Se eu fosse personificar Deus de alguma forma, em vez do caucasiano idoso, cabeludo, sisudo  e musculoso das pinturas renascentistas, eu o imaginaria de chapéu de palha desfiado, camisa quadriculada, cachimbo no canto da boca,  a pele bem escura e a cabeça repleta de fios brancos de cabelo.  Mais ou menos como a caracterização feita pelo ator Samuel dos Santos para o seu personagem Tio Barnabé, da primeira versão do programa  Sítio do Pica Pau Amarelo, exibido pela TV Globo, na década de 70.

Não, eu não sou umbandista ou simpatizante de religiões afro-brasileiras, mas também não sou antipatizante. Tento manter uma fé na existência de uma força criadora sem me ater a religiões, então, não se trata de uma maneira disfarçada de promover esta ou aquela religião. O preto velho,  de cabeça branca, sereno, de fala mansa e olhar cândido,  me parece muito mais com o Deus que eu imagino do que qualquer outro personagem que possa ser criado pelo homem.

É claro que Deus não é humano, portanto  não é branco nem preto, nem homem nem mulher. Assim, Ele não se parece com um preto velho ou um branco jovem. O que eu quero expor aqui é como os cultos afro religiosos foram felizes em associar algo divino à imagem de um preto velho. Quem poderia ser mais sábio que Deus? E que forma mais perfeita poderia haver de representar toda esta sabedoria senão através de um idoso de cabelos brancos e voz adocicada?

Aliás, a presença do idoso - e do idoso negro em particular - na literatura popular brasileira  como símbolo de sabedoria,  é vasta e renitente. Na mesma obra de Monteiro Lobato em que pontifica o Tio Barnabé,  há a Nhá Benta, branca, avó carinhosa, mas também há a Tia Nastácia, a “negra de colo quente”, como bem descreveu Dorival Caymmi, onde o  “sinhozinho” vai se aconchegar. É uma visão conformista e adulterada do papel do negro na sociedade brasileira? É sim, mas quem haveria de resistir aos encantos daquela que “conta história” e que “sabe agradar”? Qual criança, branca ou negra, não disputaria o colo da velha para cochilar?

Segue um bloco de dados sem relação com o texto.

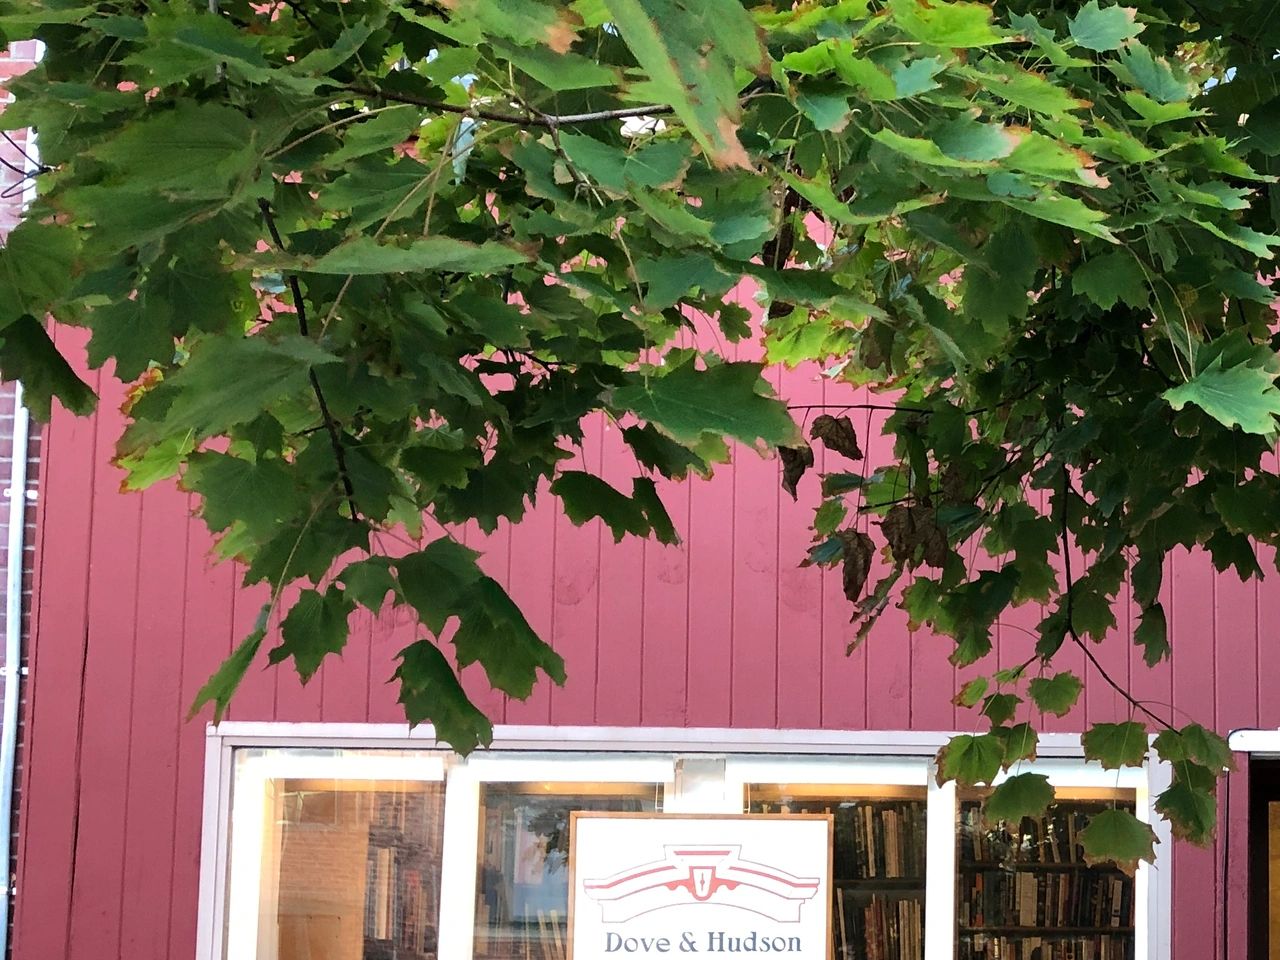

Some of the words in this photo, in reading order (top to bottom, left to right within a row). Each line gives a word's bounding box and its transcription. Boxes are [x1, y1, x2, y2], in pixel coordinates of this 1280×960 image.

A figura de um idoso, seja ele branco, negro ou amarelo, já é, por si só, digna do maior respeito.  Pena que Deus não quis que experiência e juventude caminhassem juntas e preferiu que, ao escassear uma, a outra se excedesse.  Não tolero ver um jovem maltratando um idoso. O argumento de que o idoso “está ocupando lugar no mundo” me faz perder a cabeça e desejar a morte prematura daquele que profere tal absurdo.  

Temo pelo meu futuro em uma sociedade que valoriza tão pouco o mais velho, já que, dentro de mais alguns anos, também serei da assim chamada terceira idade. Por enquanto, resta venerá-los, a todos os pretos velhos deste país, sejam eles brancos, negros, amarelos, índios ou de que cor  forem. A benção, meus sábios mestres.